7. The multi-parameter collaborative testing system for the durability of a diaphragm valve according to claim 6, characterized in that, The feature parameter matrix is matched and analyzed with a preset durability failure threshold to obtain a durability evaluation result that includes life prediction results, abnormal alarm commands, and a comprehensive test report, including: The decay rate and coupling coefficient of each parameter dimension are extracted from the feature parameter matrix to obtain a set of performance degradation quantification indicators. The set of performance degradation quantification indicators is compared with the preset durability failure threshold item by item to obtain the deviation of each indicator from the threshold and the over-limit flag bit. Based on the deviation of each indicator and the over-limit flag, the critical failure state is determined. If any key indicator exceeds the limit or the comprehensive weighted value exceeds the alarm threshold, a failure warning signal is generated. After receiving the failure warning signal, the remaining effective number of cycles is predicted based on the current number of cycles and the historical change trend obtained in advance, and the lifetime prediction result is obtained. Analyze the combination of over-limit flag bits to generate abnormal alarm commands that distinguish alarm levels and associate fault types; The life prediction results, abnormal alarm commands, and pre-stored raw degradation data are summarized to form a comprehensive test report, and the durability assessment results are obtained.

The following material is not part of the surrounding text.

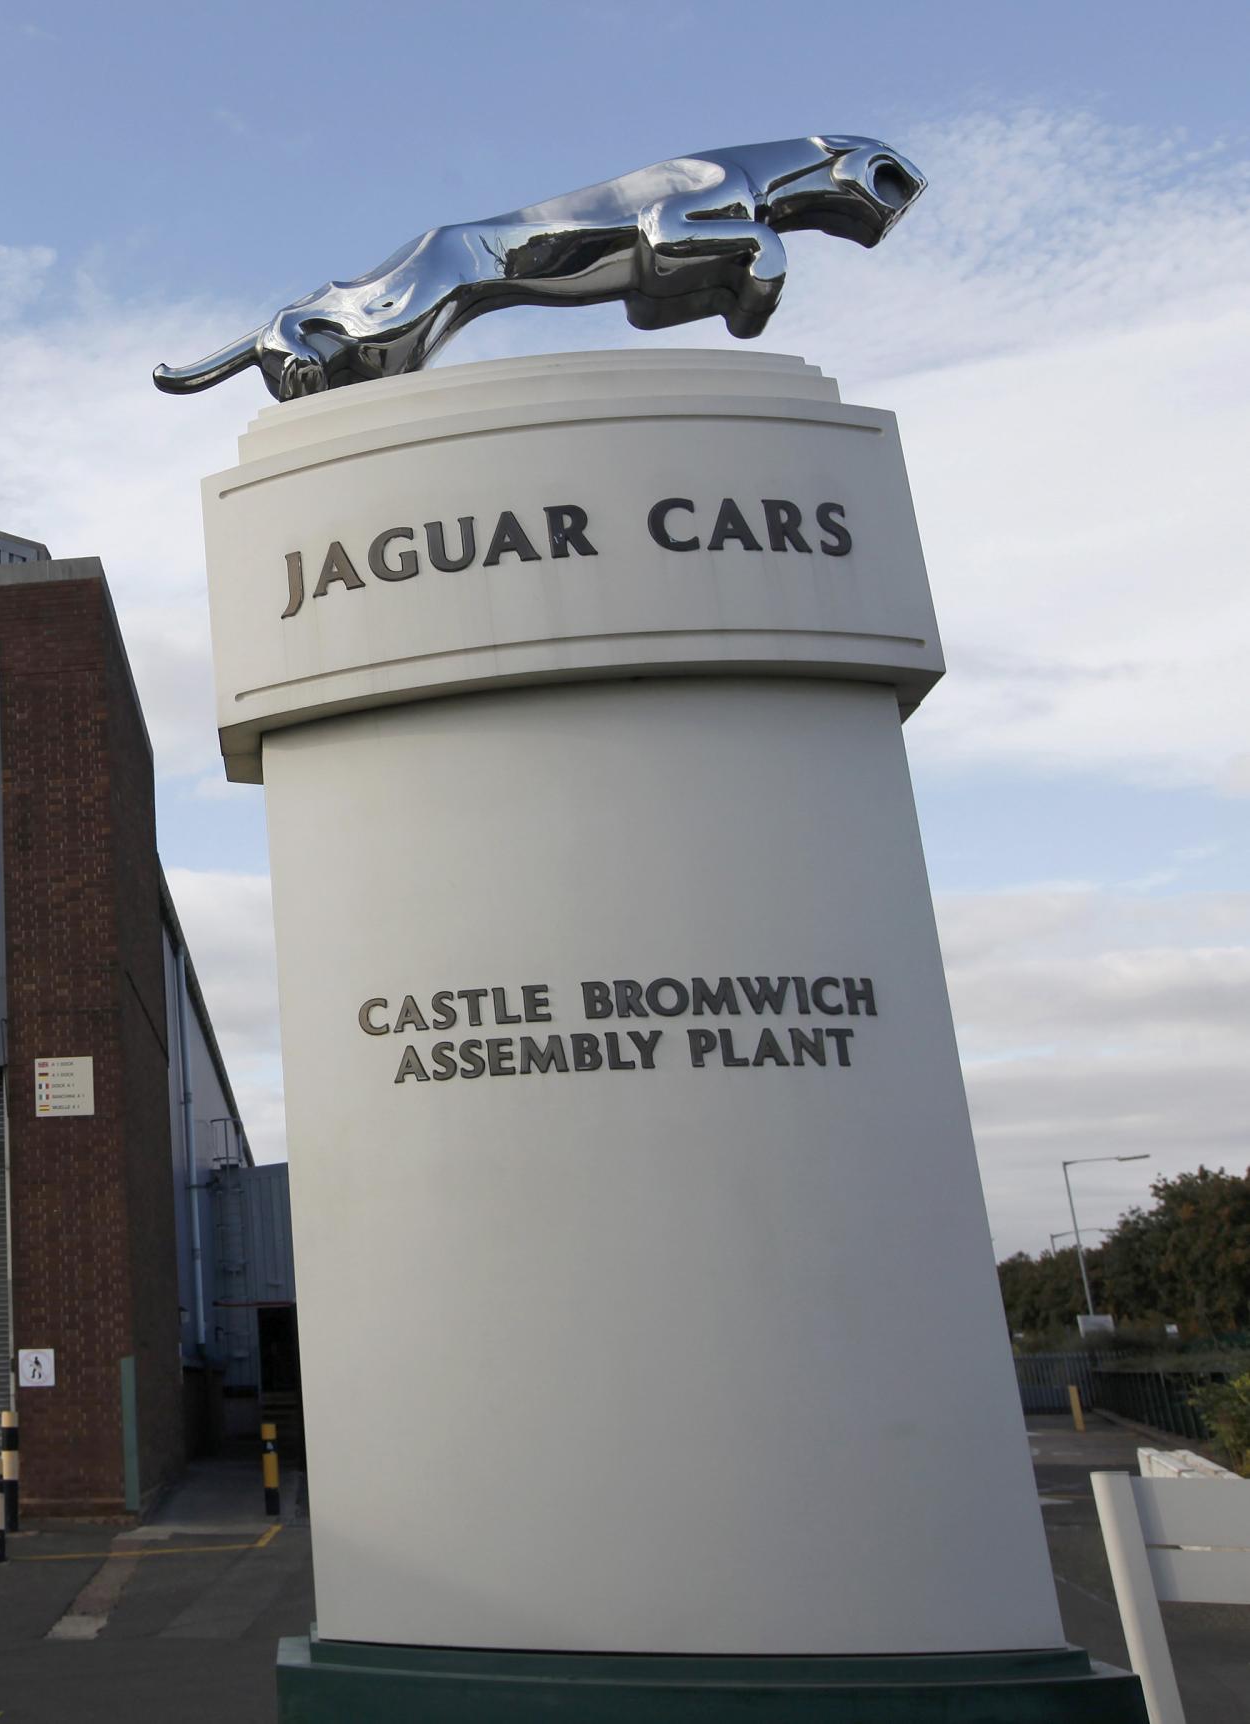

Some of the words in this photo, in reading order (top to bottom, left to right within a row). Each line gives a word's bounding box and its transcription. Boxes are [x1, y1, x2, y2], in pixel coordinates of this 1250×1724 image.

8. A computing device, characterized in that, include: One or more processors; A storage device for storing one or more programs, which, when executed by the one or more processors, cause the one or more processors to perform the system as described in any one of claims 1 to 7.
9. A computer-readable storage medium, characterized in that, The computer-readable storage medium stores a program that, when executed by a processor, performs the system as described in any one of claims 1 to 7.